В раннем моём восприятии и Марина, и Серёжа — (кстати, почему не «мама» и «папа»? — да потому, что совсем маленькая звала их так, как они сами — друг друга, и так же, как они, на «вы»; «вы», впрочем, осталось навсегда), - итак, в раннем моём восприятии оба они казались мне... как, вероятно, многие родители - многим детям, -непропорциональными божествами со всемогущими руками и с головой, уходящей в поднебесье: сознание именно их значимости и моей именно в них необходимости, именно от них зависимости, ещё прибавляли им высоты и яркости; все остальные выглядели расплывча-тее, тусклее — а то и вовсе никак не выглядели — до поры до времени. Постепенно свет познавания, сосредоточенный на этих двух образах и излучаемый ими, распространяется на других, на другое, разжимая невидение за невидением и неведение за неведением, рассеивая туман небытия ребёнка в мире и мира — в ребёнке.

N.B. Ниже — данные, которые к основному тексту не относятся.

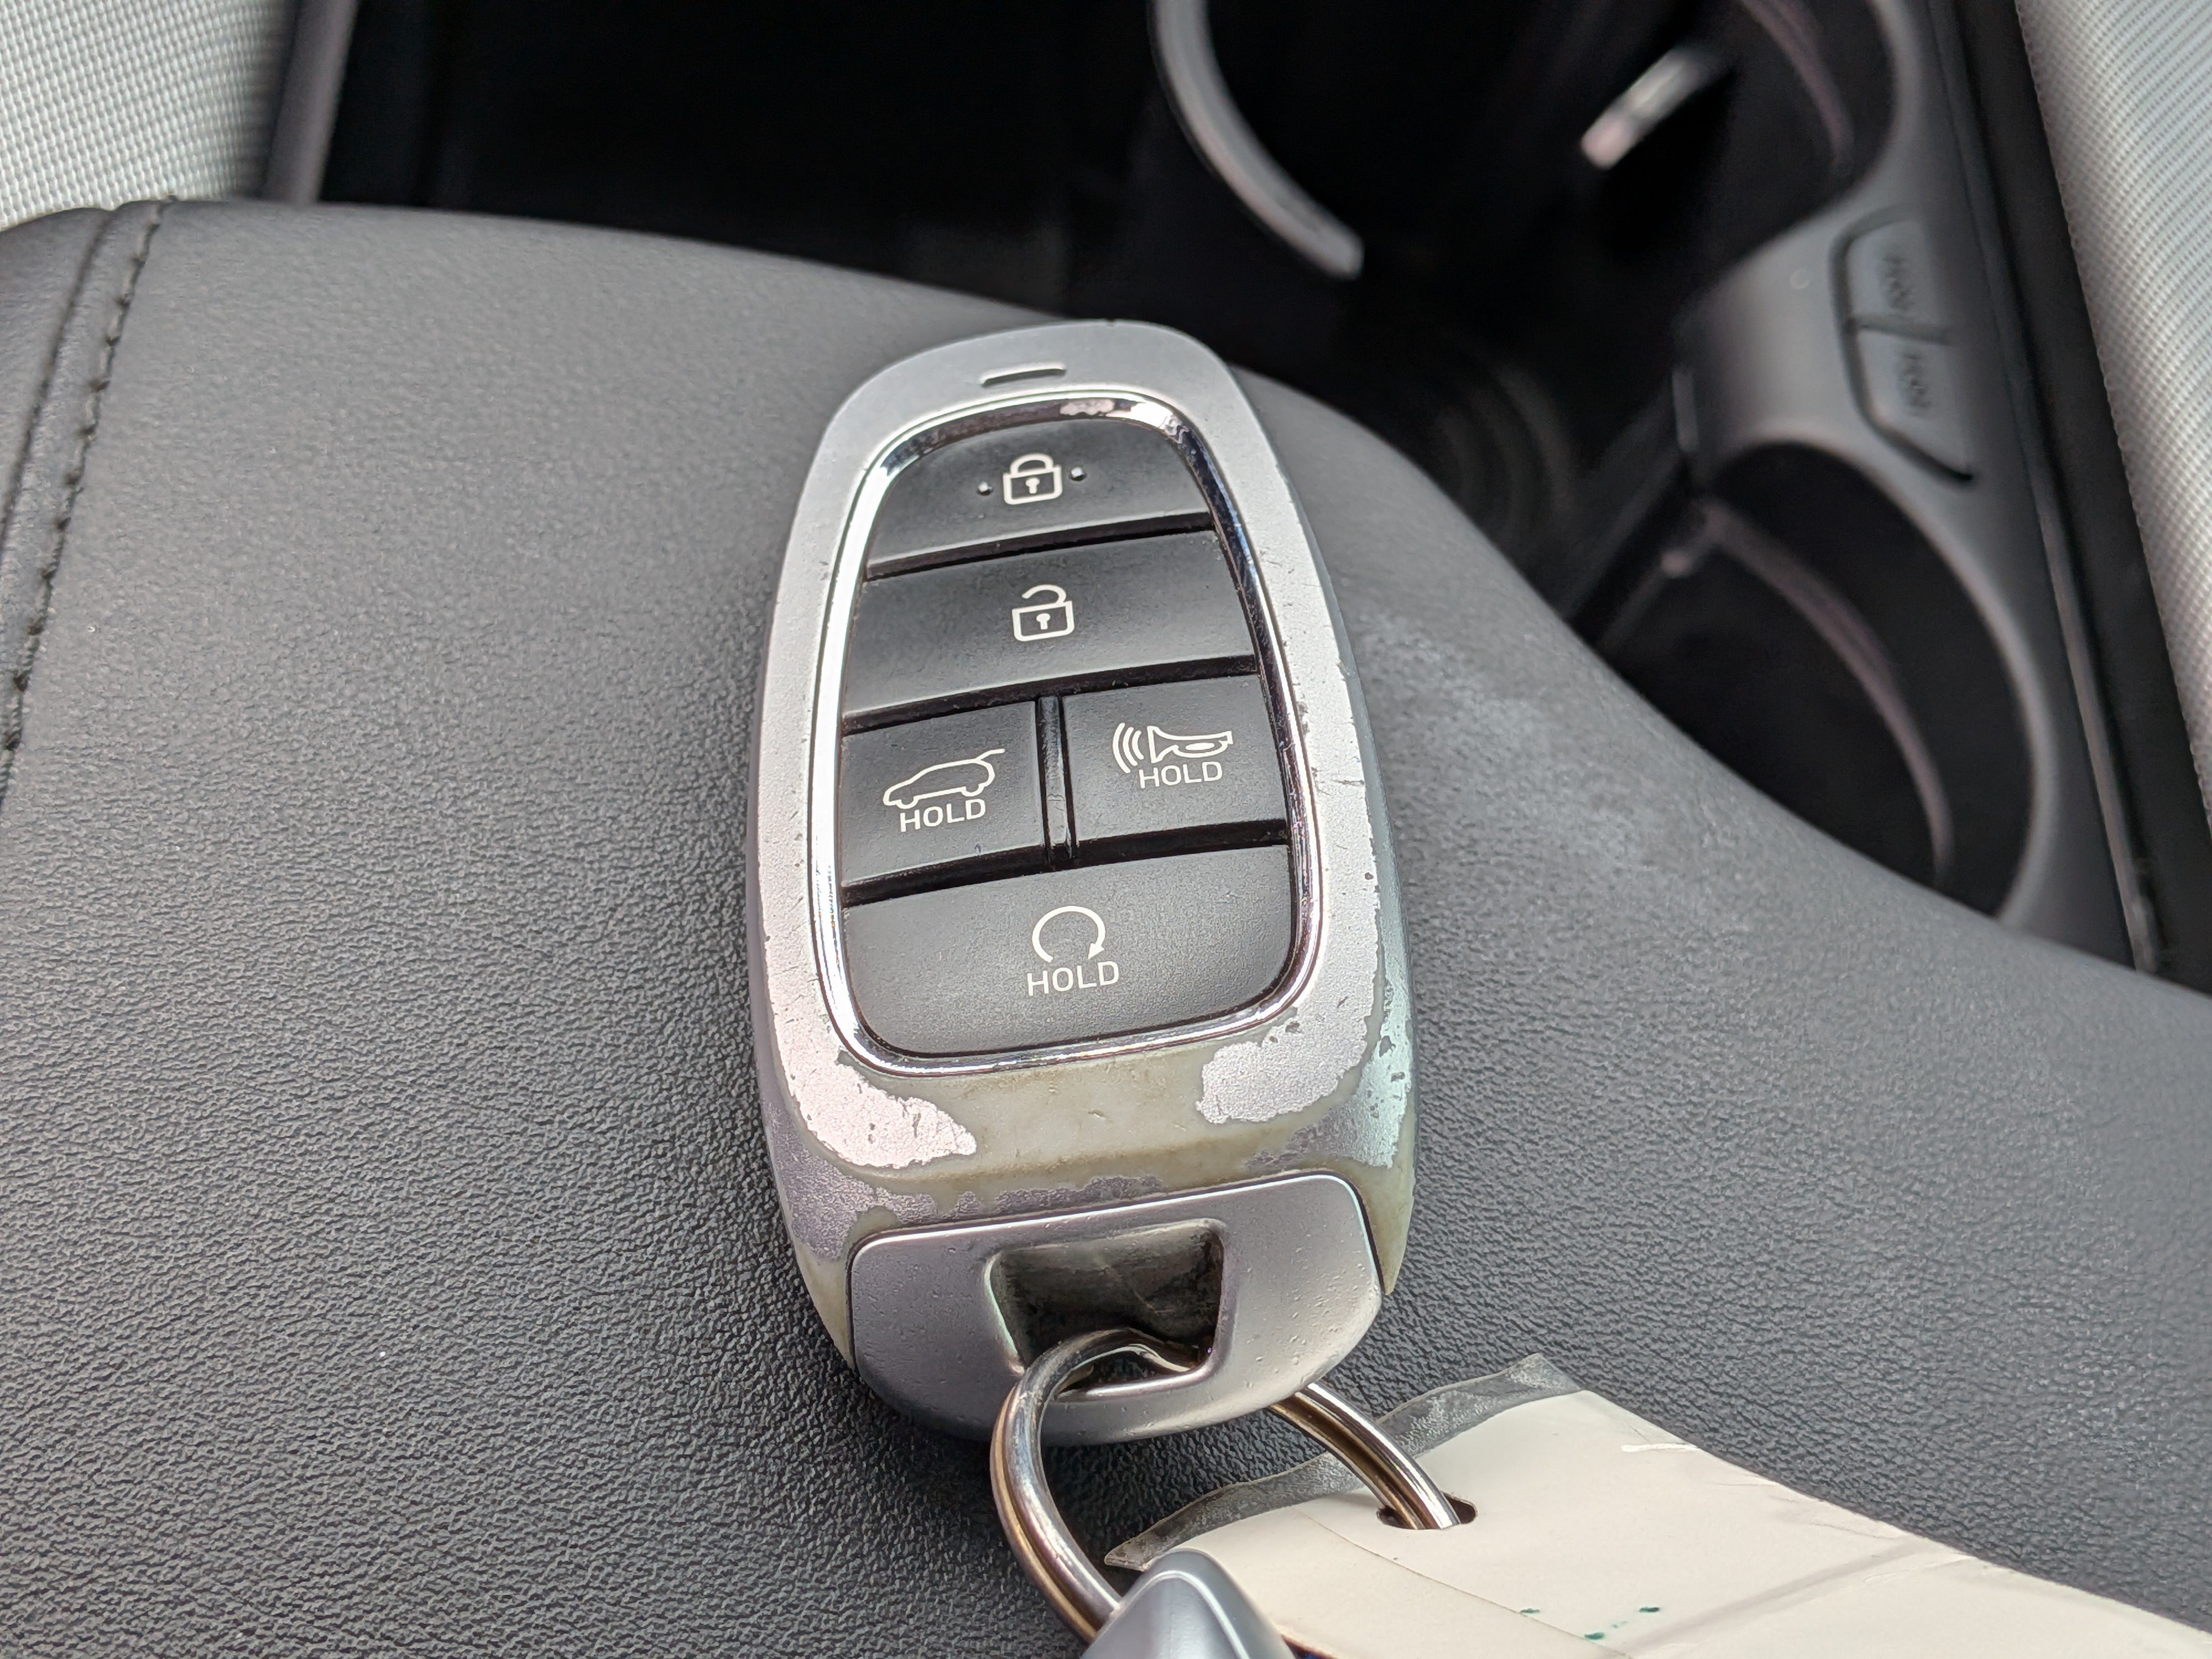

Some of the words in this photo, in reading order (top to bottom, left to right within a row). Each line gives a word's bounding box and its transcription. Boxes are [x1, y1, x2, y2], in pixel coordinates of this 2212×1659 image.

[1138, 761, 1223, 789] HOLD
[900, 798, 987, 832] HOLD
[1026, 961, 1120, 997] HOLD

То была короткая пора Марининого цветения, о нет, не которую принято именовать расцветом, ибо расцвет личности таланта — всегда пора плодоношения, зачастую столь трудная и столь горькая!

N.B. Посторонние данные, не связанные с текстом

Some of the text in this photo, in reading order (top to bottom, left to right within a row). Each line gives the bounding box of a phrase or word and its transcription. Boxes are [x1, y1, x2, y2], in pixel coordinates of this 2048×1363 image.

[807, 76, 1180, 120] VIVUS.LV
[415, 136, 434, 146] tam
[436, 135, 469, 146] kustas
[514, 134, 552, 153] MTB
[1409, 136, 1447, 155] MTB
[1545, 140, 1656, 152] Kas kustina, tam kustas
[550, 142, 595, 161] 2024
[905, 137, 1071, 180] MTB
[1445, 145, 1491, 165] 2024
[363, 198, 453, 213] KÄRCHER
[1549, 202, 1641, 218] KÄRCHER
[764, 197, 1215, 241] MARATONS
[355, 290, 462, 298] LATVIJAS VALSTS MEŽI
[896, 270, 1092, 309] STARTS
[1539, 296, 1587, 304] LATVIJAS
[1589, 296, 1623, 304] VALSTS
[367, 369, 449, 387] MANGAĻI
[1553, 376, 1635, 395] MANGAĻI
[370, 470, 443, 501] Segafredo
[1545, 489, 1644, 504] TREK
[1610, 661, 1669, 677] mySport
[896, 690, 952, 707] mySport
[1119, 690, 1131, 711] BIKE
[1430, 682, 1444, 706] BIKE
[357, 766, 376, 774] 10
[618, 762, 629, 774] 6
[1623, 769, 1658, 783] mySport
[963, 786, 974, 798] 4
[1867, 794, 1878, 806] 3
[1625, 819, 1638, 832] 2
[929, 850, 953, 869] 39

Нет, то была весенняя, веселая пора, когда всё давалось само и так легко — и стихи, и друзья, и успех. Судьба ещё рядилась в розовые одежды фортуны, предвоенный мир казался мирным и прочным; юные взрослые были ещё детьми, но уже обретшими кажущуюся самостоятельность, убеждёнными в обманчивом своём могуществе, и почти во всём, что ни делалось ими и с ними ни случалось, наличествовал элемент игры, забавы, праздника. Иногда дети становились и самонадеянными.
Марина и Ася Цветаевы. Феодосия, 1914
«Мне на вид не больше 18лет, даже меньше.
Я никогда ещё не была так хороша, уверена и счастлива, как в эту зиму», — пишет Марина в своем дневнике 1913—1914 годов; и еще: «я смело могу сказать, что могла бы писать... Такие вещи, как “ Евгений Онегин” и “Горе от ума", возьми я [в автобиографической поэме “Чародей” из “Юношеских стихов”] ...какого-нибудь исторического героя; вместо дома на Трехпрудном — какой-нибудь терем или дворец; вместо нас с [сестрой] Асей — какую-нибудь Марину Мнишек или Шарлотту Кордэ, и вышла бы вещь, прогремевшая бы на всю Россию»... И дальше: «Стихи я пишу очень легко, но не небрежно. Никогда не “затыкаю ” пустые места как попало. Пишу с удовольствием, иногда с восторгом. Написав, читаю, как новое, как не своё, и поражаюсь»... И — вместе с тем: «Стран -ная вещь — так легко и так радостно писать, и с таким наслаждением откладывать писание!»